● **WHAT THE TASK REQUIRES**: Word for word, repeat the entries, minus the pictures.

[Stored entries]
##############################

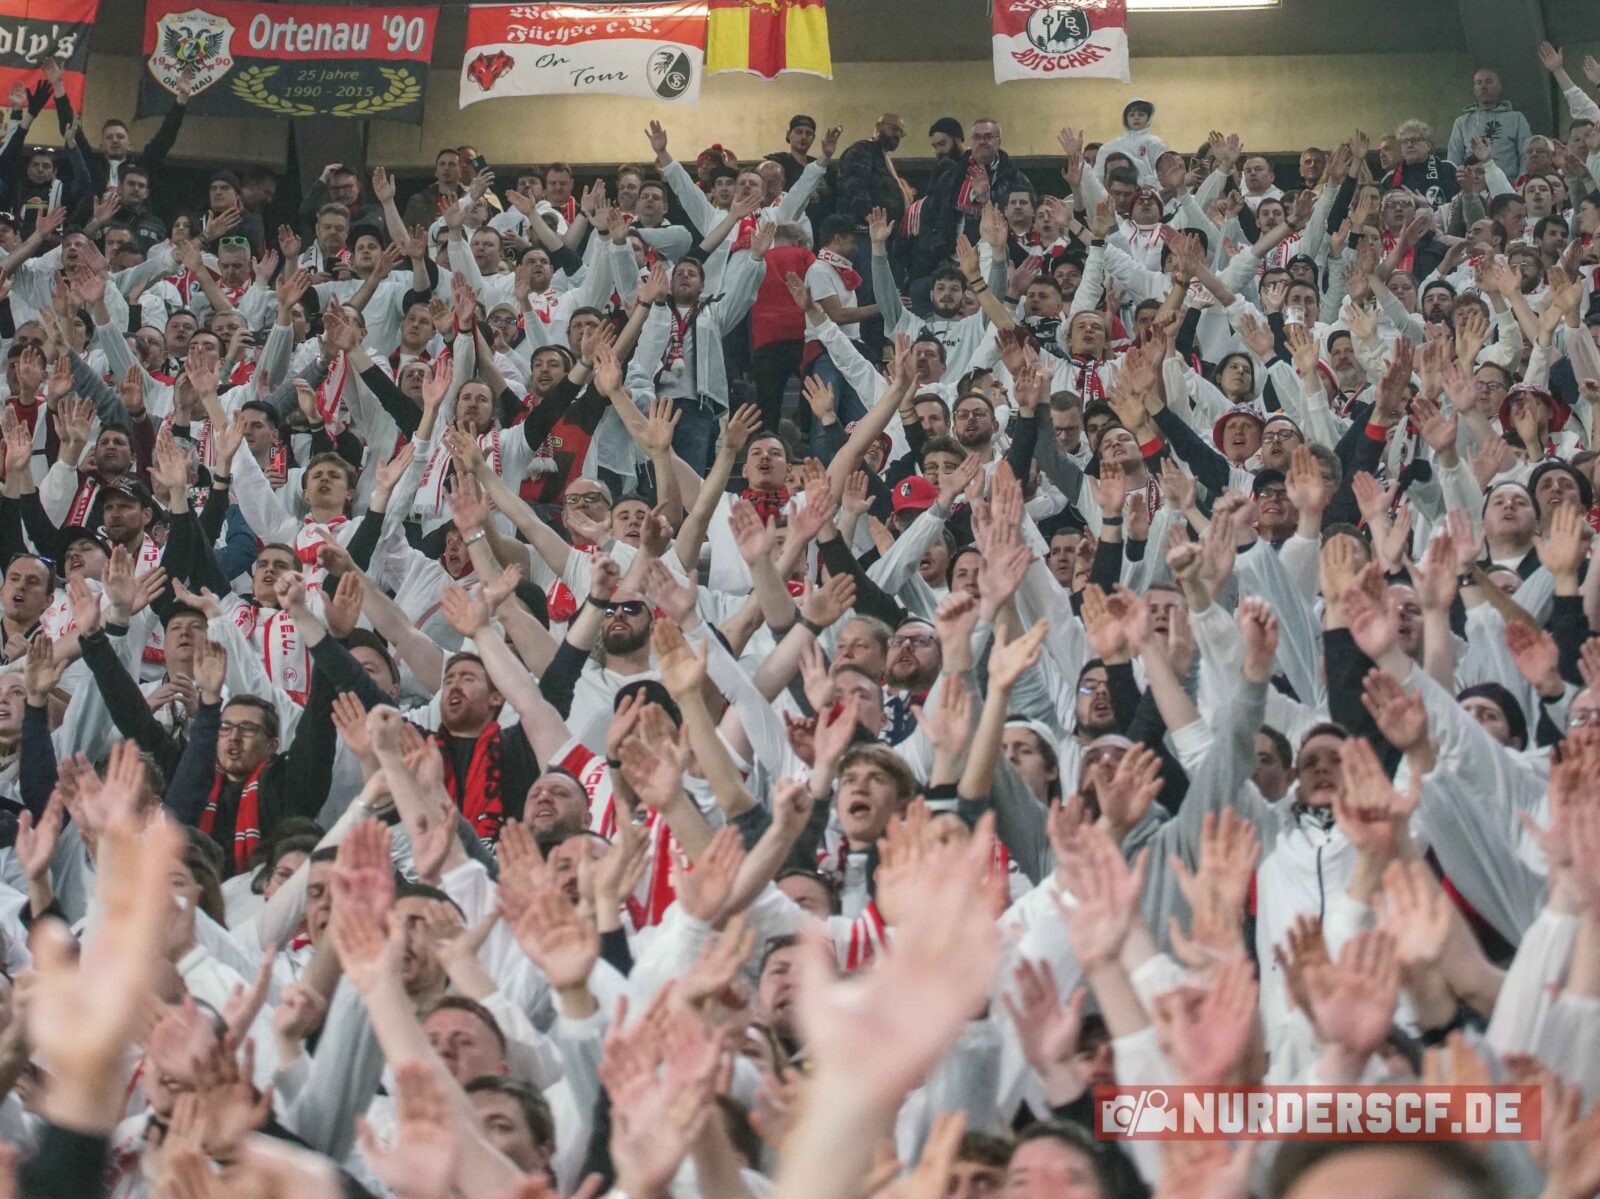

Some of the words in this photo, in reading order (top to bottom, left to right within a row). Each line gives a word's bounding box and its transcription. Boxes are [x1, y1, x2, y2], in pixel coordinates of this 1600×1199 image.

[248, 13, 370, 52] Ortenau
[382, 15, 424, 52] '90
[297, 70, 317, 81] 25
[319, 69, 360, 82] Jahre
[284, 86, 321, 98] 1990
[335, 86, 375, 98] 2015
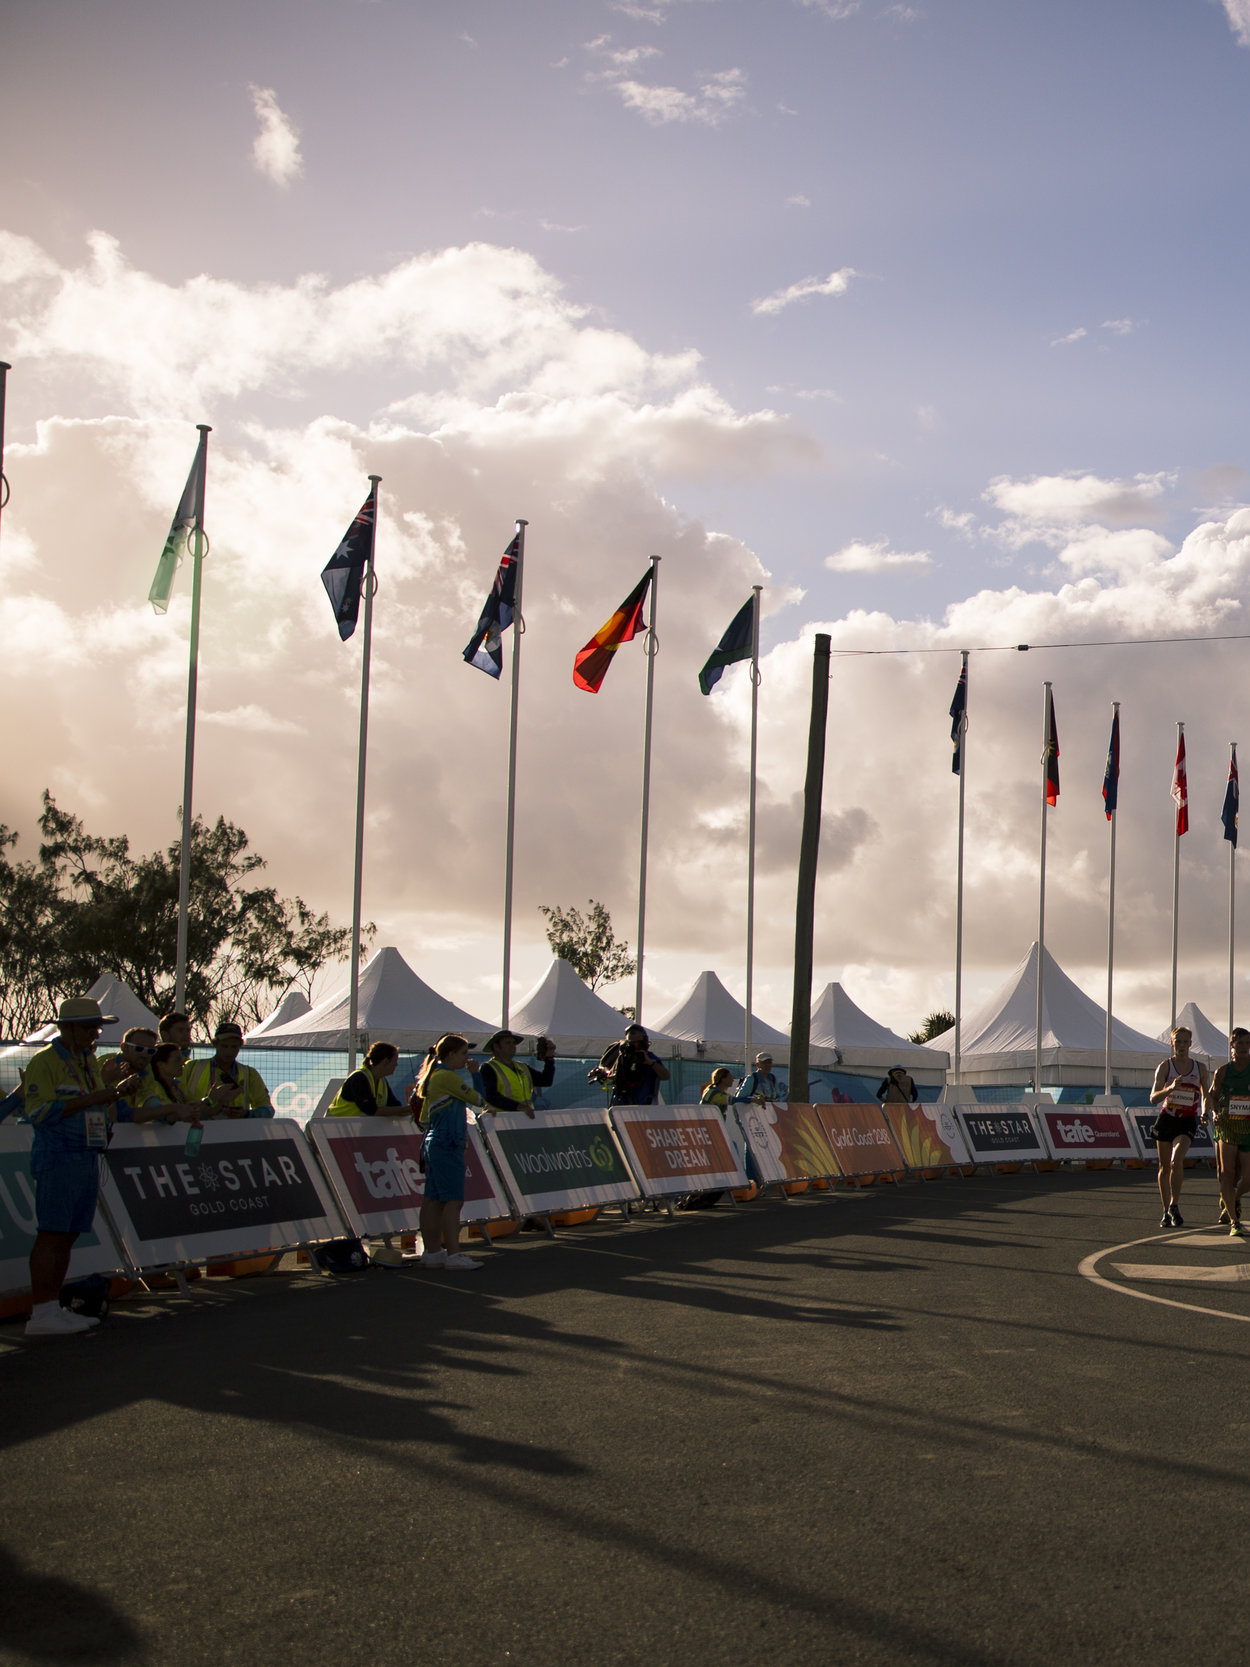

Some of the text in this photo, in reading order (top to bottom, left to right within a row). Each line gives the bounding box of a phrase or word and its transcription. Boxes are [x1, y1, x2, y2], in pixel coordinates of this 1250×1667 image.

[645, 1127, 713, 1149] SHARE THE
[830, 1127, 851, 1150] Gold
[852, 1127, 875, 1147] Coast
[969, 1120, 995, 1136] THE
[1001, 1119, 1032, 1135] STAR
[1056, 1119, 1095, 1143] tafe
[664, 1148, 711, 1169] DREAM
[123, 1155, 302, 1200] THE STAR
[353, 1146, 426, 1200] tafe
[188, 1195, 270, 1216] GOLD COAST

##############################

● **REPLY**:
Some of the words in this photo, in reading order (top to bottom, left to right within a row). Each line gives a word's bounding box and its transcription. Boxes are [x1, y1, x2, y2], in pixel coordinates of this 1600×1199 image.

[248, 13, 370, 52] Ortenau
[382, 15, 424, 52] '90
[297, 70, 317, 81] 25
[319, 69, 360, 82] Jahre
[284, 86, 321, 98] 1990
[335, 86, 375, 98] 2015

Some of the text in this photo, in reading order (top to bottom, left to right within a row). Each line gives the bounding box of a phrase or word and its transcription. Boxes are [x1, y1, x2, y2], in pixel coordinates of this 1250×1667 image.

[645, 1127, 713, 1149] SHARE THE
[830, 1127, 851, 1150] Gold
[852, 1127, 875, 1147] Coast
[969, 1120, 995, 1136] THE
[1001, 1119, 1032, 1135] STAR
[1056, 1119, 1095, 1143] tafe
[664, 1148, 711, 1169] DREAM
[123, 1155, 302, 1200] THE STAR
[353, 1146, 426, 1200] tafe
[188, 1195, 270, 1216] GOLD COAST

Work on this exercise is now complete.